▶ _Action item_
The entries need to be copied exactly as they stand, images left out.

Spatial localization data
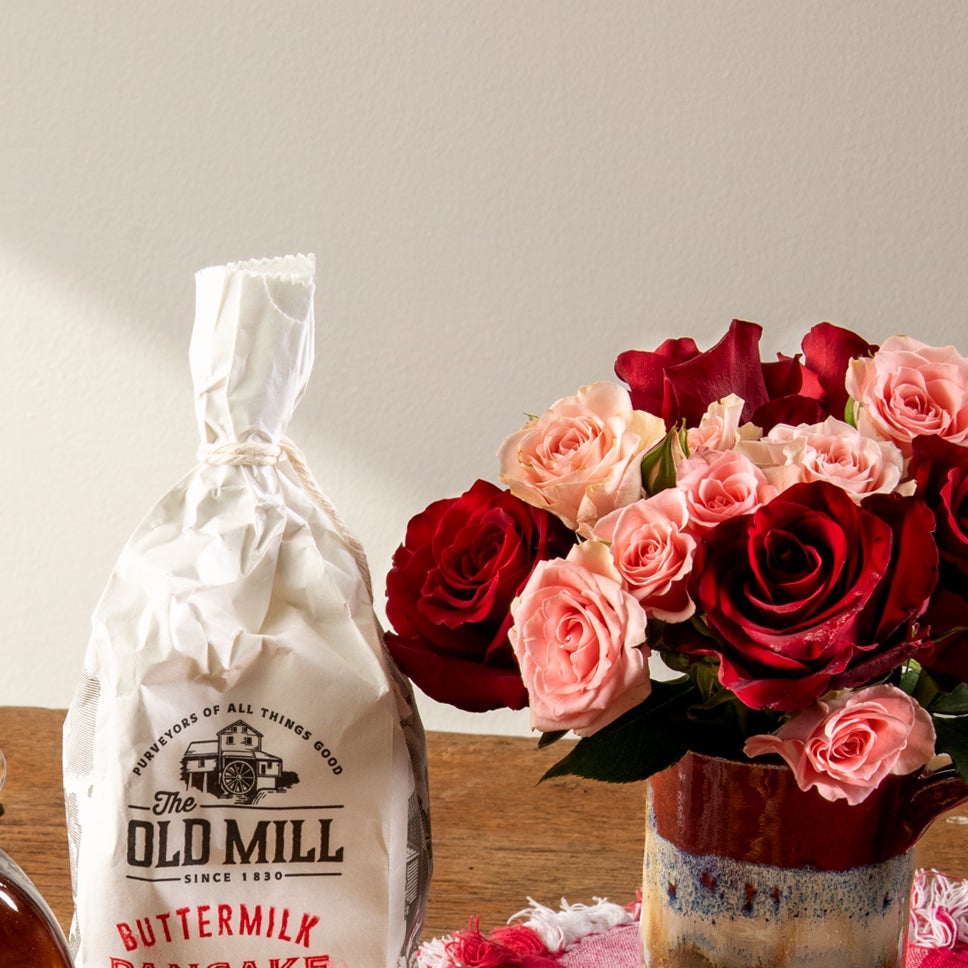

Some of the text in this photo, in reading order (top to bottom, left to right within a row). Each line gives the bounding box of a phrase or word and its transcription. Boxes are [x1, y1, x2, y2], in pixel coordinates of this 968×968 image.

[133, 703, 343, 775] PURVEYORS OF ALL THINGS GOOD
[152, 791, 197, 815] The
[127, 819, 344, 868] OLD MILL
[185, 872, 282, 883] SINCE 1830
[116, 904, 320, 952] BUTTERMILK

▶ _Output below_
Some of the text in this photo, in reading order (top to bottom, left to right within a row). Each line gives the bounding box of a phrase or word and its transcription. Boxes are [x1, y1, x2, y2], in pixel coordinates of this 968×968 image.

[133, 703, 343, 775] PURVEYORS OF ALL THINGS GOOD
[152, 791, 197, 815] The
[127, 819, 344, 868] OLD MILL
[185, 872, 282, 883] SINCE 1830
[116, 904, 320, 952] BUTTERMILK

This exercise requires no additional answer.